**Supplied material:**
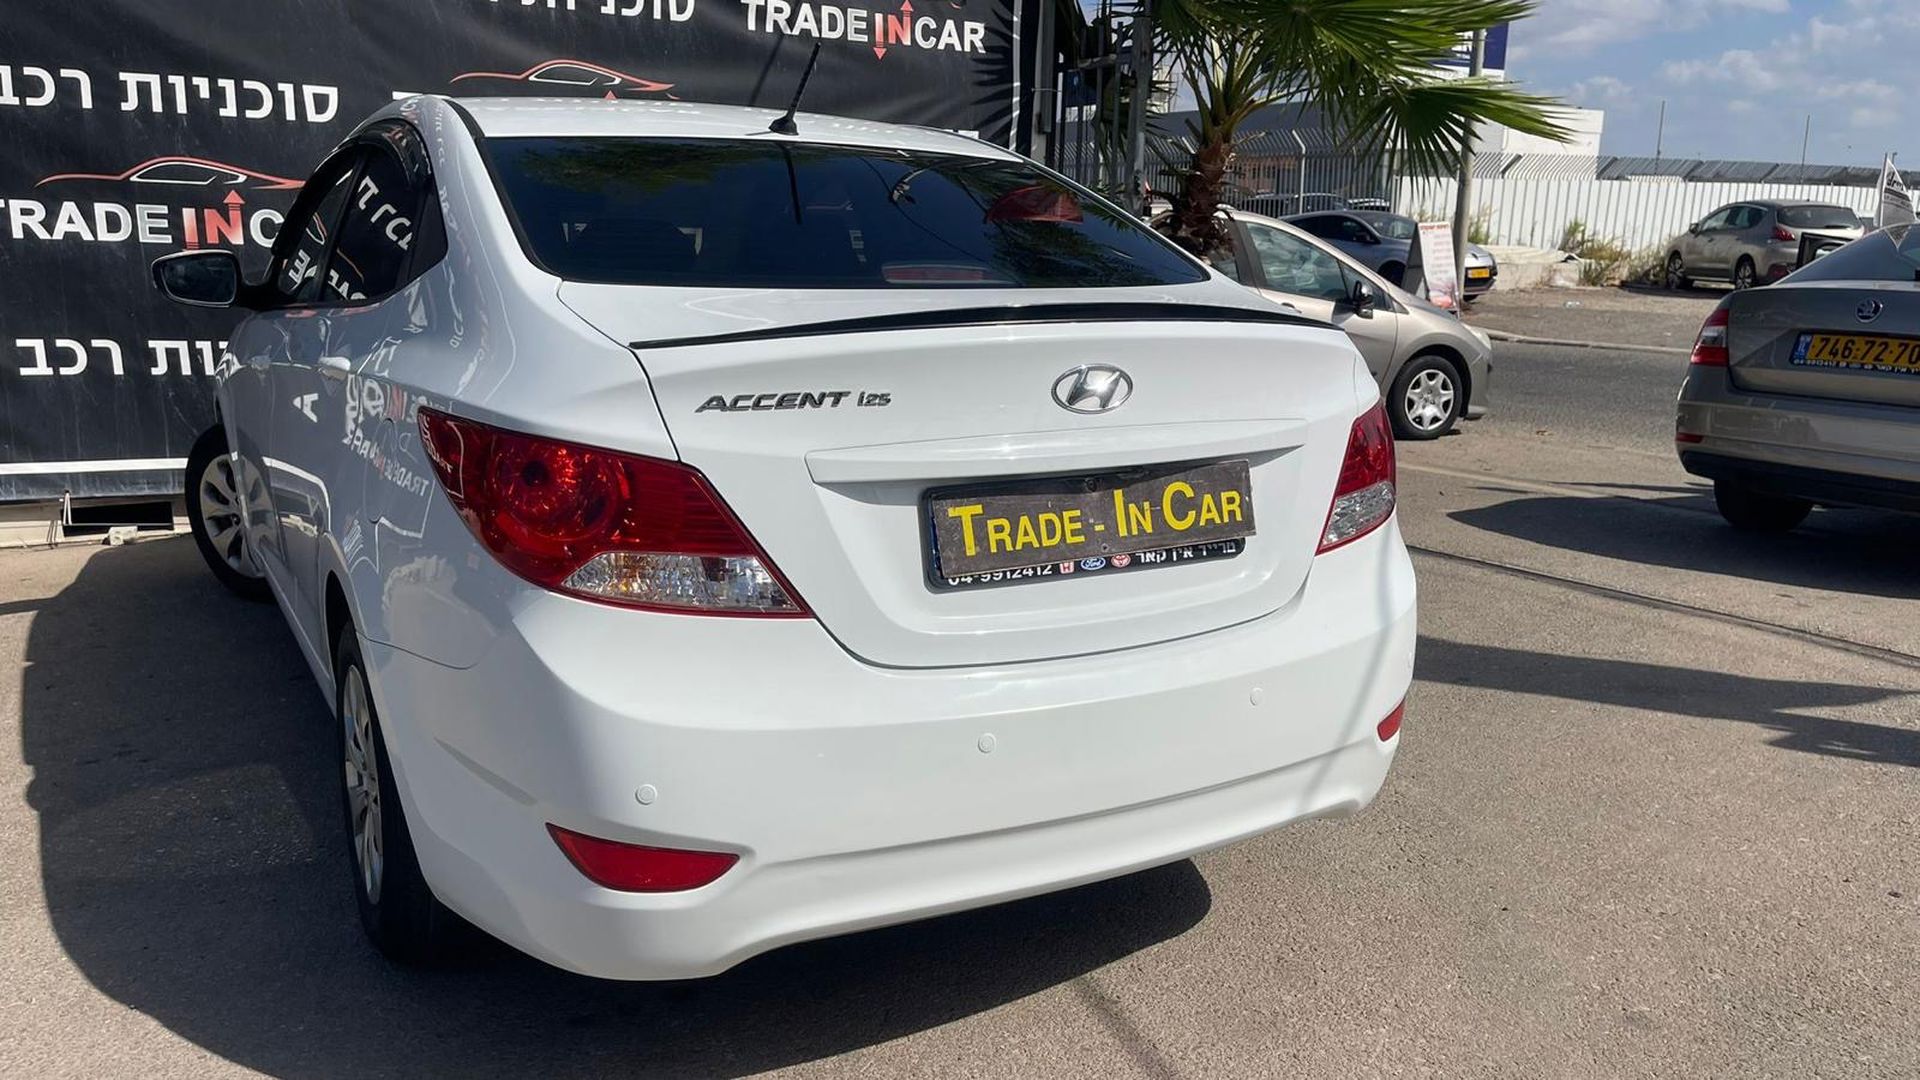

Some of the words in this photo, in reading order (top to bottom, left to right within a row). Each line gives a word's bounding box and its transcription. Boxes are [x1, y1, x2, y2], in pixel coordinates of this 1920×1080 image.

[118, 71, 339, 123] סוכניות
[15, 338, 125, 376] רכב
[694, 391, 852, 413] ACCENT
[947, 504, 1086, 557] TRADE
[1161, 480, 1243, 532] CAR
[1135, 551, 1167, 564] קאר

**Work task:** A word-for-word copy of the data, without its pictures, is what is needed.

**Answer for the task:**
Some of the words in this photo, in reading order (top to bottom, left to right within a row). Each line gives a word's bounding box and its transcription. Boxes are [x1, y1, x2, y2], in pixel coordinates of this 1920×1080 image.

[118, 71, 339, 123] סוכניות
[15, 338, 125, 376] רכב
[694, 391, 852, 413] ACCENT
[947, 504, 1086, 557] TRADE
[1161, 480, 1243, 532] CAR
[1135, 551, 1167, 564] קאר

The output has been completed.